# [Exercise]
Print every entry, word for word, and skip the images.

# [Dataset entries]
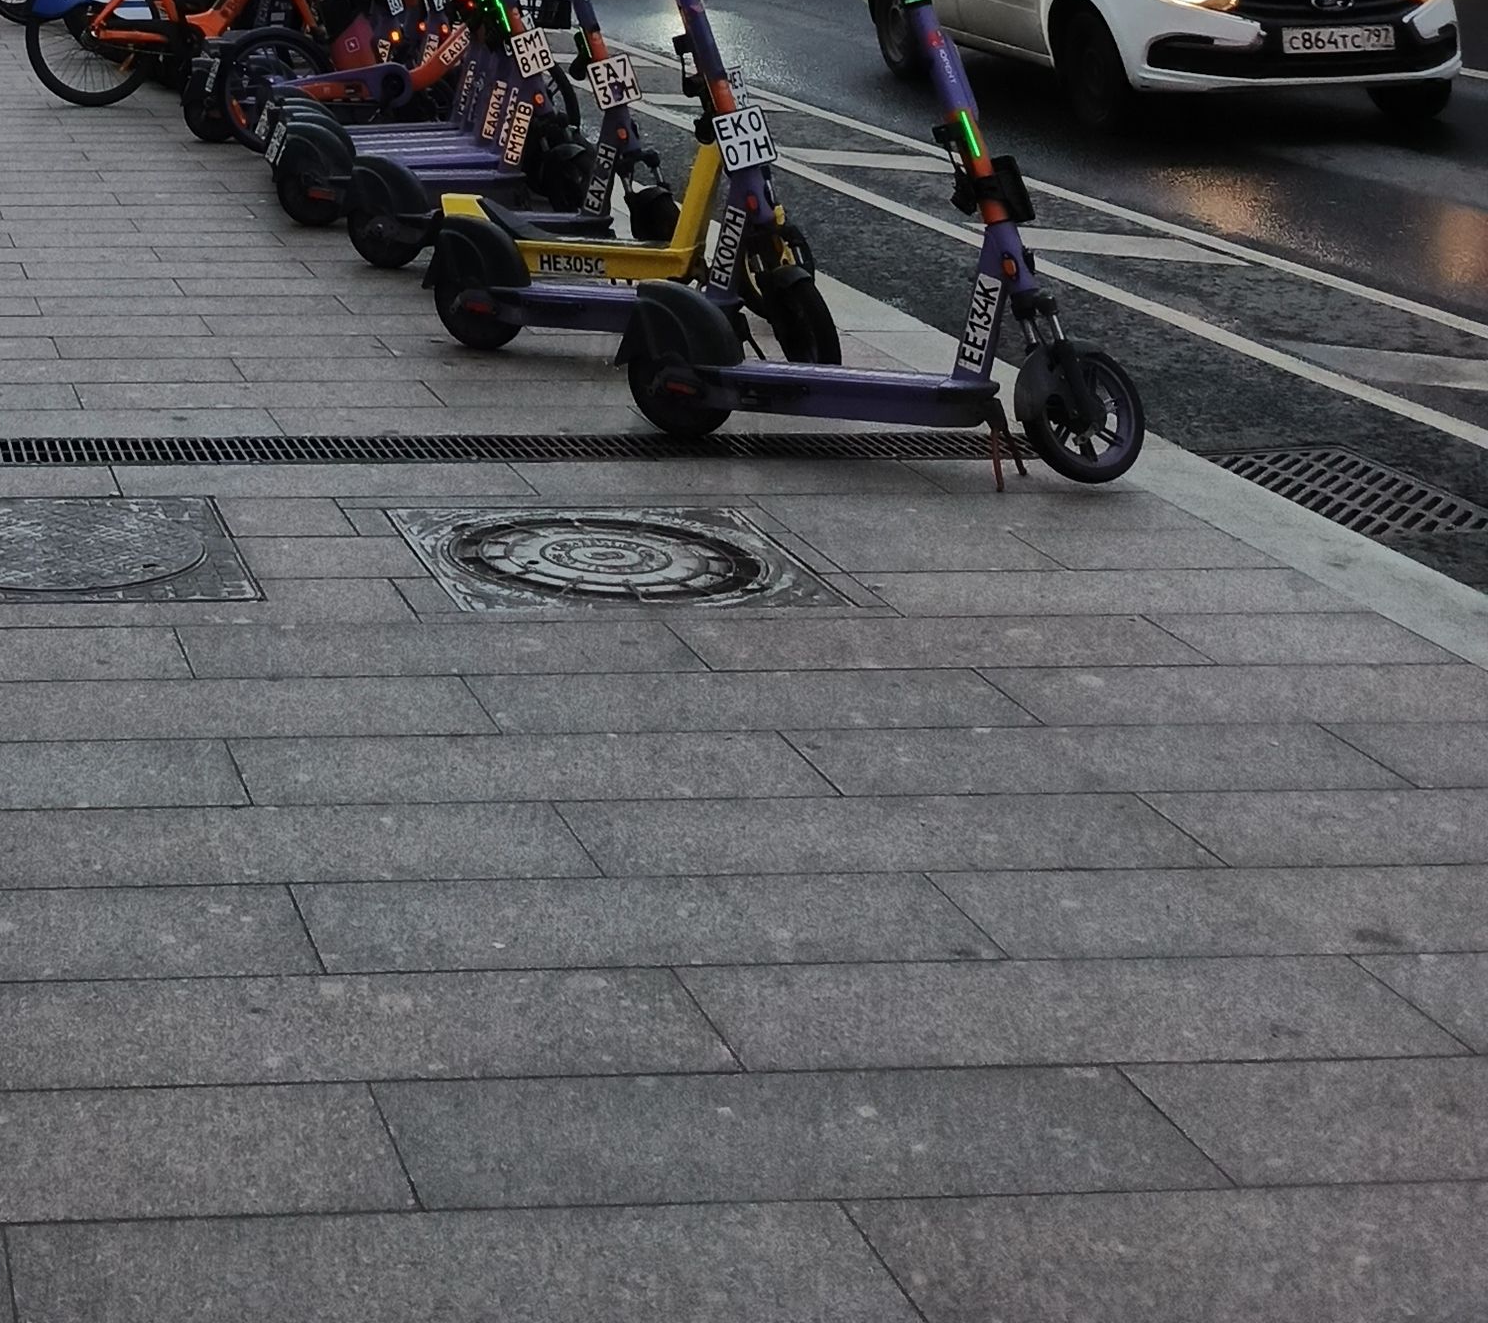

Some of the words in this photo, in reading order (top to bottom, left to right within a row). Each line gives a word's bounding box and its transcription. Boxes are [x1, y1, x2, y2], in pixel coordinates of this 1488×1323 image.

[514, 31, 544, 55] ЕМ1
[1289, 31, 1362, 50] С864ТС
[520, 49, 552, 74] 81В
[590, 57, 628, 86] ЕА7
[598, 77, 639, 106] 3Н
[484, 81, 508, 138] ЕА604Т
[505, 105, 533, 164] ЕМ181В
[715, 111, 763, 141] ЕК0
[725, 135, 773, 166] 07Н
[713, 208, 745, 288] ЕК007Н
[539, 254, 606, 274] НЕ305С
[960, 280, 1000, 367] ЕЕ134К

# [Result]
Some of the words in this photo, in reading order (top to bottom, left to right within a row). Each line gives a word's bounding box and its transcription. Boxes are [x1, y1, x2, y2], in pixel coordinates of this 1488×1323 image.

[514, 31, 544, 55] ЕМ1
[1289, 31, 1362, 50] С864ТС
[520, 49, 552, 74] 81В
[590, 57, 628, 86] ЕА7
[598, 77, 639, 106] 3Н
[484, 81, 508, 138] ЕА604Т
[505, 105, 533, 164] ЕМ181В
[715, 111, 763, 141] ЕК0
[725, 135, 773, 166] 07Н
[713, 208, 745, 288] ЕК007Н
[539, 254, 606, 274] НЕ305С
[960, 280, 1000, 367] ЕЕ134К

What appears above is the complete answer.